- [Input data]:
****************

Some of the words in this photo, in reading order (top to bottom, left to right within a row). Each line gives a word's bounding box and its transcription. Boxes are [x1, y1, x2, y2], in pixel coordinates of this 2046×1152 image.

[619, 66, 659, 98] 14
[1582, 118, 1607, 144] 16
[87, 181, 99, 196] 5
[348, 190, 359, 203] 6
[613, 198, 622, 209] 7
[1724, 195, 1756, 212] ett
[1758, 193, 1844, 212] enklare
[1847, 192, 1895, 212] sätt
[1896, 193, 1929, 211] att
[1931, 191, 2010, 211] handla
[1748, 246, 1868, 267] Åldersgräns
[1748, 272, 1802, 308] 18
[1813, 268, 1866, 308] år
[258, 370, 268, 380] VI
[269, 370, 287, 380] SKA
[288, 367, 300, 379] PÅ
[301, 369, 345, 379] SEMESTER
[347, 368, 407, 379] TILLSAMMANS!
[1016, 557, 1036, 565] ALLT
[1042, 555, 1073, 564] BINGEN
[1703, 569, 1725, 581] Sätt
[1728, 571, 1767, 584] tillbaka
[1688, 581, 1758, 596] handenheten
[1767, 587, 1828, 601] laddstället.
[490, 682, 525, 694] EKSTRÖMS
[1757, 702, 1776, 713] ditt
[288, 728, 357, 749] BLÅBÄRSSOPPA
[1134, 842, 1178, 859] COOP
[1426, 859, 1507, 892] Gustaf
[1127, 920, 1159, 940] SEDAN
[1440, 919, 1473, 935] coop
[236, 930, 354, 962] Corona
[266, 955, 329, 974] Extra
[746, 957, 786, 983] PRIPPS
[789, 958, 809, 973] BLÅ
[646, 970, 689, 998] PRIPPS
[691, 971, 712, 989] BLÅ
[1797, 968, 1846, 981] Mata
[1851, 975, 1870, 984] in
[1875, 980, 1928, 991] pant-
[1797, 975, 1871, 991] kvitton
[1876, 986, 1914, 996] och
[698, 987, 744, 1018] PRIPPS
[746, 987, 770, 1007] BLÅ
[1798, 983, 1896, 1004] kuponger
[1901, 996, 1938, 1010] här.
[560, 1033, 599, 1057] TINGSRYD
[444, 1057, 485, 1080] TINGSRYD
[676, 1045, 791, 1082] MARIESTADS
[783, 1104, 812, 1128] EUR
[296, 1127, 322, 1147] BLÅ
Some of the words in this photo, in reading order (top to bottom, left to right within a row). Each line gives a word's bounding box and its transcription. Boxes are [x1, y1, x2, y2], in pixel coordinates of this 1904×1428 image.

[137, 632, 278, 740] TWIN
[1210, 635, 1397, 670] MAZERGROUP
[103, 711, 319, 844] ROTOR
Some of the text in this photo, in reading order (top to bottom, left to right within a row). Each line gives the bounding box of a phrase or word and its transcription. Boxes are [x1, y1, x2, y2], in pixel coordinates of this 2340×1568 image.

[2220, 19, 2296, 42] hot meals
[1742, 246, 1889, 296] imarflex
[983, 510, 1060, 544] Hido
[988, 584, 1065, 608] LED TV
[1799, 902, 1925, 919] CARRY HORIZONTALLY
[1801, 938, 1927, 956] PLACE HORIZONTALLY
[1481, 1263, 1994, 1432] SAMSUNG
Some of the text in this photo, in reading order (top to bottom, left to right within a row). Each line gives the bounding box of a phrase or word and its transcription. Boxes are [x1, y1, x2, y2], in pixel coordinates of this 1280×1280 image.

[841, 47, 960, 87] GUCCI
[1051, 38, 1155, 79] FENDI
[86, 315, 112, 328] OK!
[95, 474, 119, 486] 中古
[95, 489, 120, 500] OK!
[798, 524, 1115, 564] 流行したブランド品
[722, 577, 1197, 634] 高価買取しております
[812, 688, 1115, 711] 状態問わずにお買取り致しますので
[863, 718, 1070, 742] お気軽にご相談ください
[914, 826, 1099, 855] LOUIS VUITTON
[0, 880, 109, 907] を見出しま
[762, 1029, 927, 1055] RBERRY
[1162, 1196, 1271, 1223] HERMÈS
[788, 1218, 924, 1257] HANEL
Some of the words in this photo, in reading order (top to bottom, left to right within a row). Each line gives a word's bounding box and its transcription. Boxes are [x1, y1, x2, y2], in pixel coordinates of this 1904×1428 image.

****************

- [About this task]: Every record should be given again without alteration.

- [Result of this task]:
Some of the words in this photo, in reading order (top to bottom, left to right within a row). Each line gives a word's bounding box and its transcription. Boxes are [x1, y1, x2, y2], in pixel coordinates of this 2046×1152 image.

[619, 66, 659, 98] 14
[1582, 118, 1607, 144] 16
[87, 181, 99, 196] 5
[348, 190, 359, 203] 6
[613, 198, 622, 209] 7
[1724, 195, 1756, 212] ett
[1758, 193, 1844, 212] enklare
[1847, 192, 1895, 212] sätt
[1896, 193, 1929, 211] att
[1931, 191, 2010, 211] handla
[1748, 246, 1868, 267] Åldersgräns
[1748, 272, 1802, 308] 18
[1813, 268, 1866, 308] år
[258, 370, 268, 380] VI
[269, 370, 287, 380] SKA
[288, 367, 300, 379] PÅ
[301, 369, 345, 379] SEMESTER
[347, 368, 407, 379] TILLSAMMANS!
[1016, 557, 1036, 565] ALLT
[1042, 555, 1073, 564] BINGEN
[1703, 569, 1725, 581] Sätt
[1728, 571, 1767, 584] tillbaka
[1688, 581, 1758, 596] handenheten
[1767, 587, 1828, 601] laddstället.
[490, 682, 525, 694] EKSTRÖMS
[1757, 702, 1776, 713] ditt
[288, 728, 357, 749] BLÅBÄRSSOPPA
[1134, 842, 1178, 859] COOP
[1426, 859, 1507, 892] Gustaf
[1127, 920, 1159, 940] SEDAN
[1440, 919, 1473, 935] coop
[236, 930, 354, 962] Corona
[266, 955, 329, 974] Extra
[746, 957, 786, 983] PRIPPS
[789, 958, 809, 973] BLÅ
[646, 970, 689, 998] PRIPPS
[691, 971, 712, 989] BLÅ
[1797, 968, 1846, 981] Mata
[1851, 975, 1870, 984] in
[1875, 980, 1928, 991] pant-
[1797, 975, 1871, 991] kvitton
[1876, 986, 1914, 996] och
[698, 987, 744, 1018] PRIPPS
[746, 987, 770, 1007] BLÅ
[1798, 983, 1896, 1004] kuponger
[1901, 996, 1938, 1010] här.
[560, 1033, 599, 1057] TINGSRYD
[444, 1057, 485, 1080] TINGSRYD
[676, 1045, 791, 1082] MARIESTADS
[783, 1104, 812, 1128] EUR
[296, 1127, 322, 1147] BLÅ
Some of the words in this photo, in reading order (top to bottom, left to right within a row). Each line gives a word's bounding box and its transcription. Boxes are [x1, y1, x2, y2], in pixel coordinates of this 1904×1428 image.

[137, 632, 278, 740] TWIN
[1210, 635, 1397, 670] MAZERGROUP
[103, 711, 319, 844] ROTOR
Some of the text in this photo, in reading order (top to bottom, left to right within a row). Each line gives the bounding box of a phrase or word and its transcription. Boxes are [x1, y1, x2, y2], in pixel coordinates of this 2340×1568 image.

[2220, 19, 2296, 42] hot meals
[1742, 246, 1889, 296] imarflex
[983, 510, 1060, 544] Hido
[988, 584, 1065, 608] LED TV
[1799, 902, 1925, 919] CARRY HORIZONTALLY
[1801, 938, 1927, 956] PLACE HORIZONTALLY
[1481, 1263, 1994, 1432] SAMSUNG
Some of the text in this photo, in reading order (top to bottom, left to right within a row). Each line gives the bounding box of a phrase or word and its transcription. Boxes are [x1, y1, x2, y2], in pixel coordinates of this 1280×1280 image.

[841, 47, 960, 87] GUCCI
[1051, 38, 1155, 79] FENDI
[86, 315, 112, 328] OK!
[95, 474, 119, 486] 中古
[95, 489, 120, 500] OK!
[798, 524, 1115, 564] 流行したブランド品
[722, 577, 1197, 634] 高価買取しております
[812, 688, 1115, 711] 状態問わずにお買取り致しますので
[863, 718, 1070, 742] お気軽にご相談ください
[914, 826, 1099, 855] LOUIS VUITTON
[0, 880, 109, 907] を見出しま
[762, 1029, 927, 1055] RBERRY
[1162, 1196, 1271, 1223] HERMÈS
[788, 1218, 924, 1257] HANEL
Some of the words in this photo, in reading order (top to bottom, left to right within a row). Each line gives a word's bounding box and its transcription. Boxes are [x1, y1, x2, y2], in pixel coordinates of this 1904×1428 image.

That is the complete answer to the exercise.